27 de novembro de 2015

O Véu



Ela estava deitada sobre a relva molhada, amarelada por um pálido e frio amanhecer. Seu corpo estava repleto de gotículas de orvalho, que lhe faziam cócegas na medida em que se espreguiçava... vagarosamente.

Seus dedos dos pés tocaram em florezinhas roxas, que ela sabia estarem ali esperando pela luz do sol para se abrirem. Sorriu. Também ela estava à espera do sol para florir.

Sentou-se num movimento quase em câmera lenta e olhou ao redor, recebendo no rosto o cheiro de um novo dia. Tudo o que via era a imensidão da natureza. O vale florido, as árvores frondosas e a floresta que se erguia escura a alguns pés de distância. Sempre se aproximou da entrada da floresta, decidida a, "dessa vez", aventurar-se por entre suas árvores longas e retorcidas, mas nunca levou a cabo suas intenções.

Naquele momento, entretanto, viu seu pés tocarem os galhos retorcidos da primeira árvore, depois da segunda, terceira, e muitas outras. A luz que iluminava seus cabelos acinzentados fora substituída por uma escuridão quase completa, recortada por alguns finos feixes de luz que conseguiam escapar pelo túnel de galhos retorcidos que se estendiam em direção ao céu.

Ela andou por um tempo que não soube definir, percebendo que não saberia mais encontrar a saída. Entretanto, aquilo não lhe era um problema. Respirava o ar frio da floresta como quem pela primeira vez inspira ar puro e verdadeiro. Sentia como se estivesse de volta ao lar, mesmo que nunca houvesse colocado os pés ali anteriormente.

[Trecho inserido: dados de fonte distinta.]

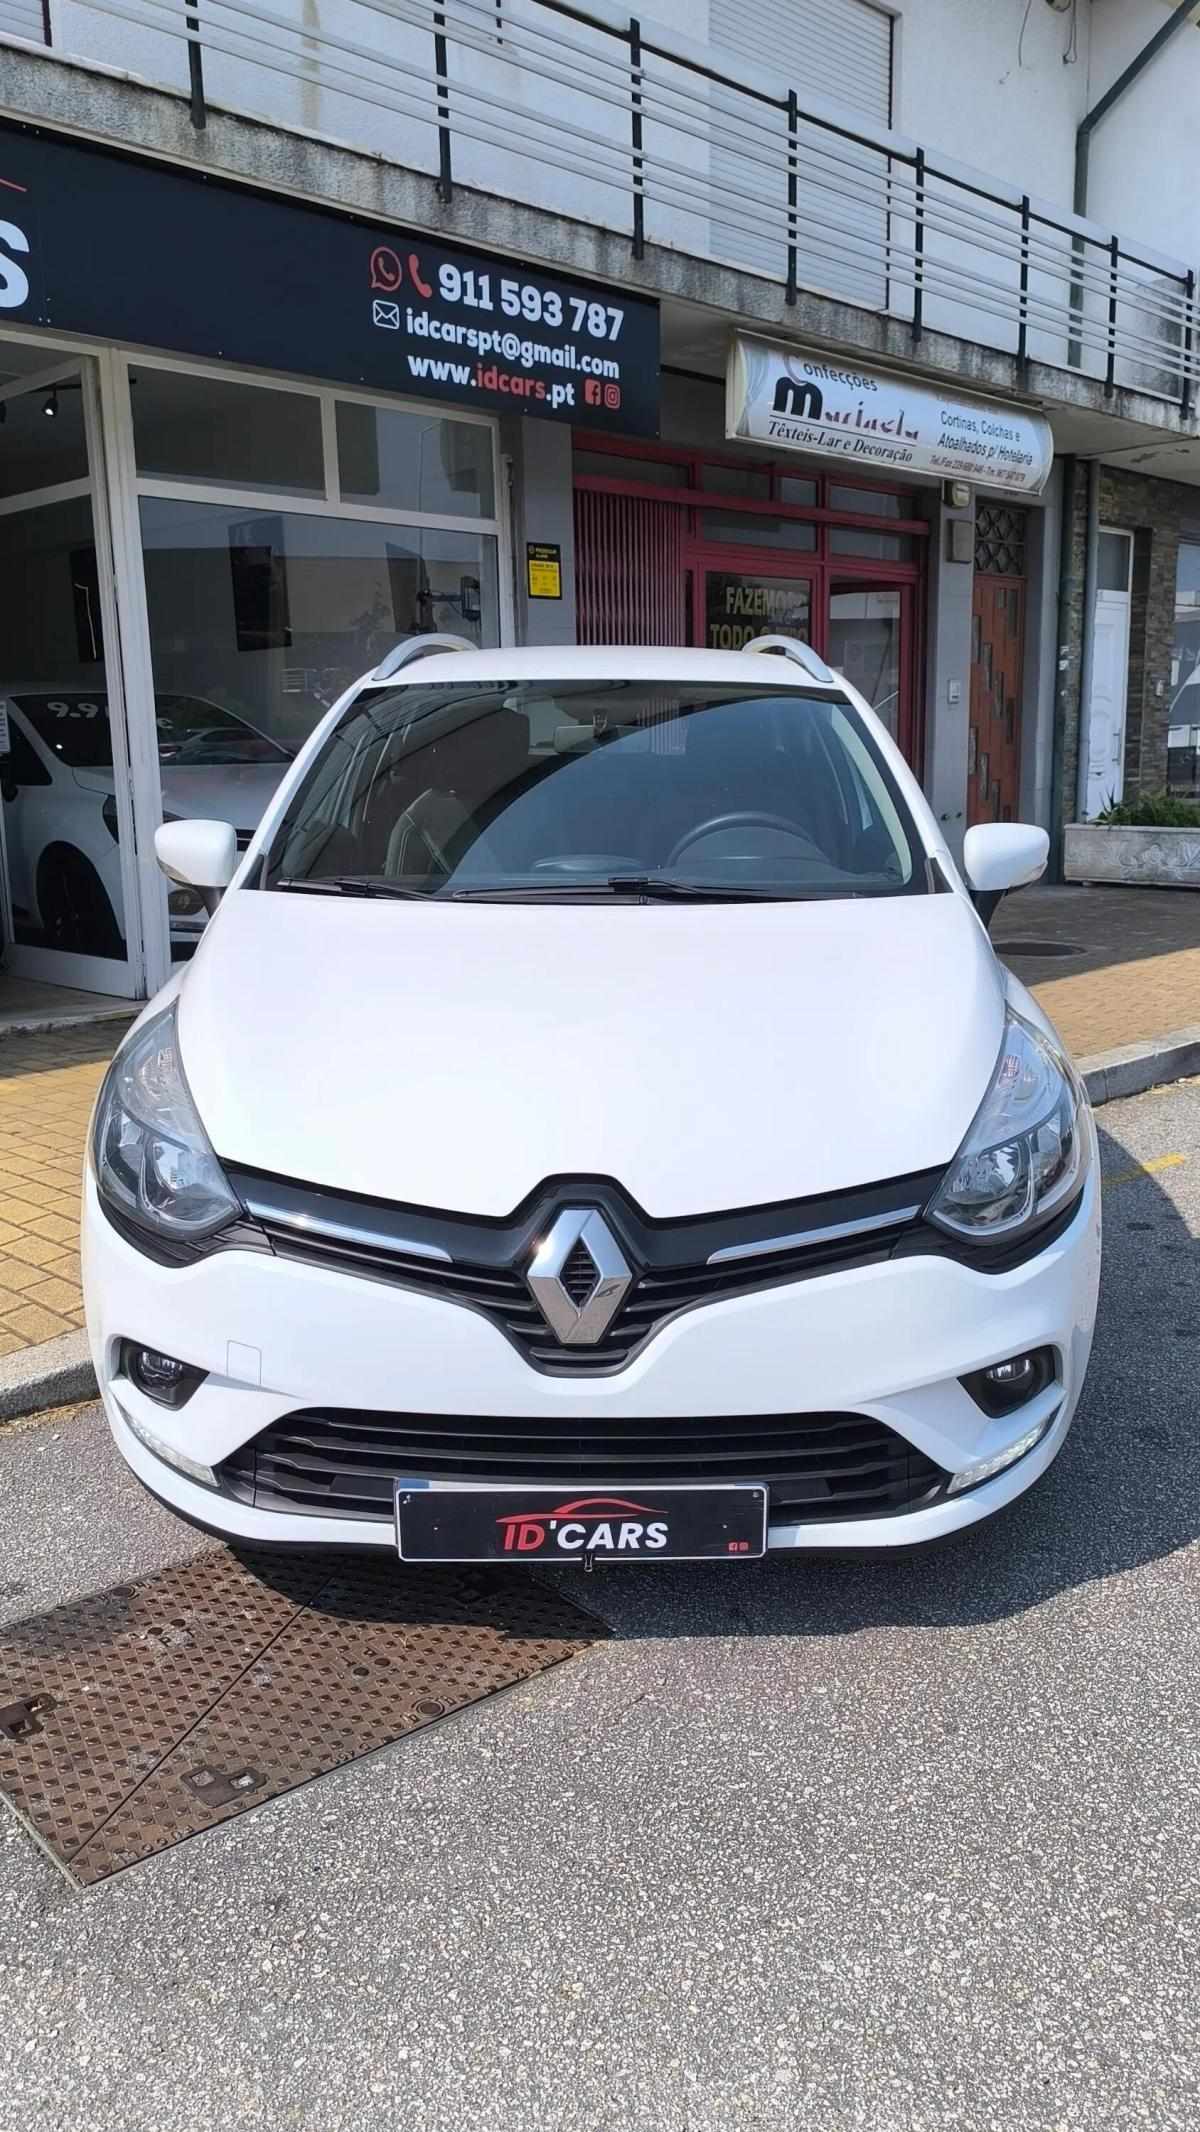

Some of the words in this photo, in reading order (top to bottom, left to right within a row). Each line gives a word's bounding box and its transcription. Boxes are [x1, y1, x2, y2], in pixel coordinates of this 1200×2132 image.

Crack!, um galho seco se partiu com ruído, assustando-a mais que o normal. Ela olhou para o chão, abaixando-se devagar e notando não se tratar de um galho, mas de uma espécie de varinha, tão retorcida quando as árvores ao redor. Nunca fora de crer em contos de fadas, por mais propícios fossem a estas histórias os locais por onde crescera. Vales verdes e cheios de animaizinhos pequenos e exóticos, castelos e casas circulares, florestas negras e ameaçadoras. Eram tantas as histórias que ouvia desde criança que aos poucos elas, ao invés de se tornarem mágicas, foram ficando maçantes e sem graça.

Pegou delicadamente as duas partes quebradas da varinha e, mesmo sabendo que era de uma tolice infantil, encaixou-as, fazendo com que a varinha se tornasse una de novo.

Um líquido prateado escorreu pela emenda da varinha e a envolveu como um véu de seda. Ela não conseguia soltar o objeto, fosse por tamanho espanto ou por alguma coisa oculta que a fazia continuar segurando-a. O líquido escorreu para as suas mãos e aos poucos envolveu todo o seu corpo, com uma cócega fria e formigante.

Envolvida numa espécie de bolha, ela se sentiu sugada para dentro do sonho que tivera naquela madrugada. Uma mistura de vozes sussurrantes, mãos sem dono e uma canção infantil que a faziam se sentir muito bem. Seus pés já não mais tocavam o chão e ela era guiada pelas mãos indefinidas em direção ao desconhecido; uma rainha louvada por súditos fiéis.

O frio e o formigamento sessaram. Ela abriu os olhos e notou que segurava apenas a parte inferior da varinha. Olhou no chão ao redor, procurando a parte faltante, mas não conseguiu encontrá-la. Não havia vestígios do líquido prateado que a havia envolvido, nem mesmo a varinha agora parecia mais do que um mero galho partido. Resolveu guardá-la, contudo, como uma espécie de troféu de sua primeira andança pelas florestas.
Imagem: http://www.culturamix.com/beleza/mulheres/musa-da-floresta

Olhando para frente, notou que as árvores agora se abriam para um caminho relativamente largo e iluminado por uma cor azulada. Quase na linha do horizonte, ela avistava o pequeno castelo onde morava.

Recomeçou a andar, com os olhos fixos no castelo, mas deixando o pensamento naquele lugar que ela, pela primeira vez, considerava mágico. Pretendia buscá-lo depois.